Exercise details
The entries are to be written out word for word, with their images left out.

---

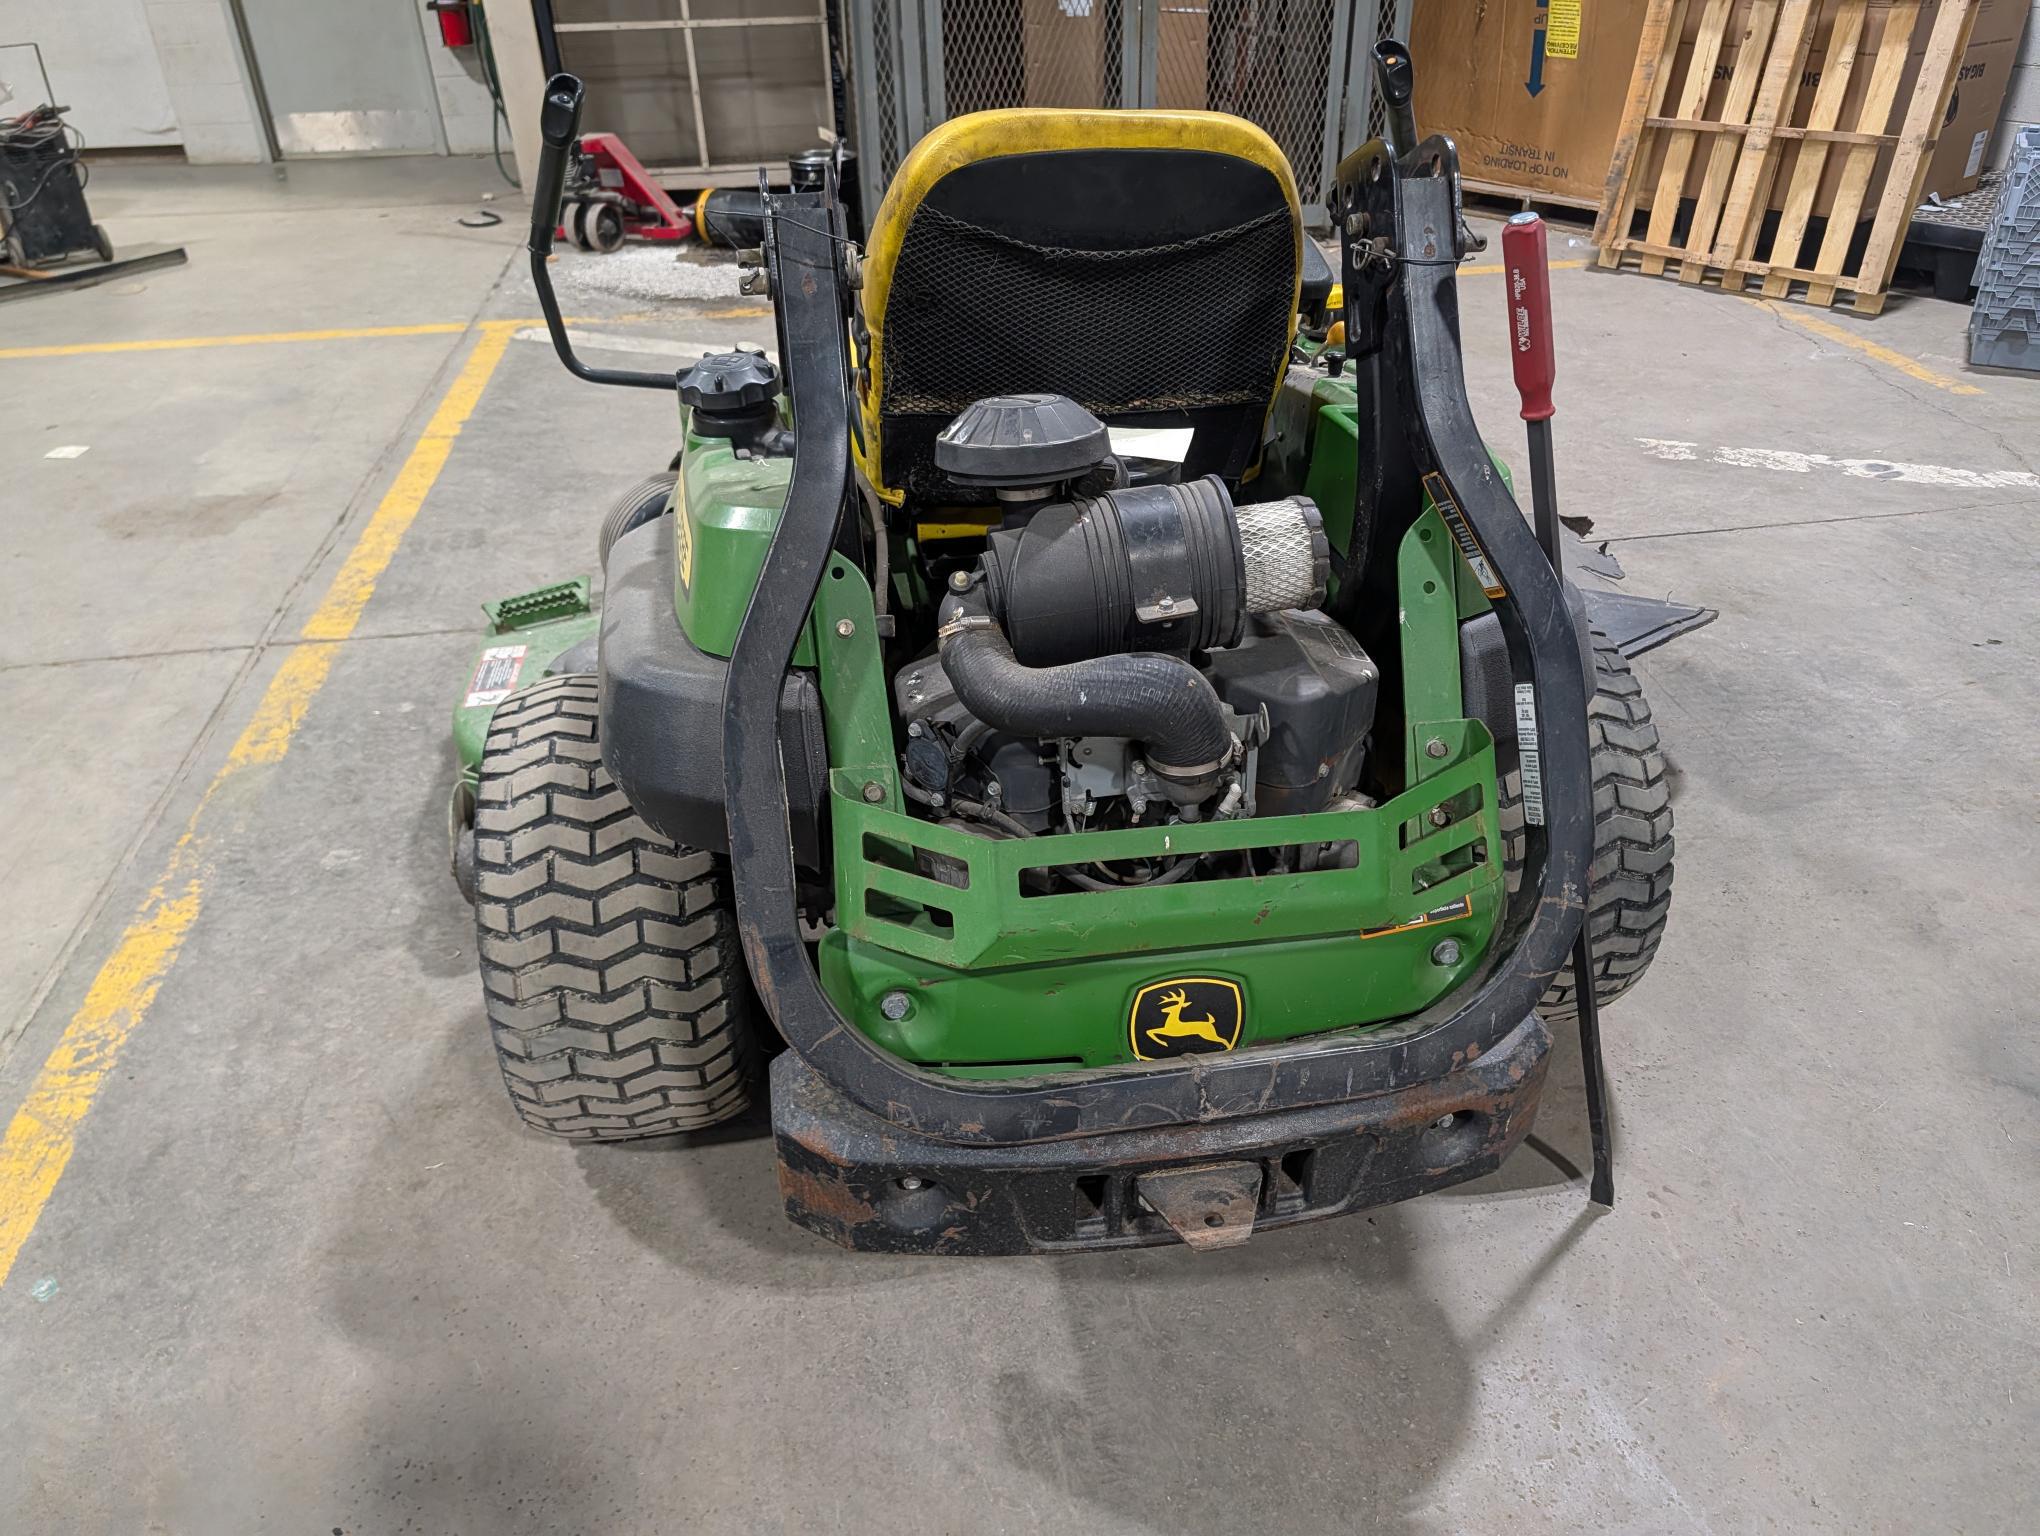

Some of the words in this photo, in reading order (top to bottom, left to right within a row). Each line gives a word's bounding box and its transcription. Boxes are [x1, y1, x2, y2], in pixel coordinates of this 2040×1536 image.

[1547, 41, 1578, 49] RECEIVING
[1499, 143, 1542, 160] TRANSIT
[1544, 150, 1556, 161] IN
[1483, 154, 1528, 173] LOADING
[1528, 163, 1551, 176] TOP
[1552, 166, 1569, 179] NO

---

Task answer
Some of the words in this photo, in reading order (top to bottom, left to right within a row). Each line gives a word's bounding box and its transcription. Boxes are [x1, y1, x2, y2], in pixel coordinates of this 2040×1536 image.

[1547, 41, 1578, 49] RECEIVING
[1499, 143, 1542, 160] TRANSIT
[1544, 150, 1556, 161] IN
[1483, 154, 1528, 173] LOADING
[1528, 163, 1551, 176] TOP
[1552, 166, 1569, 179] NO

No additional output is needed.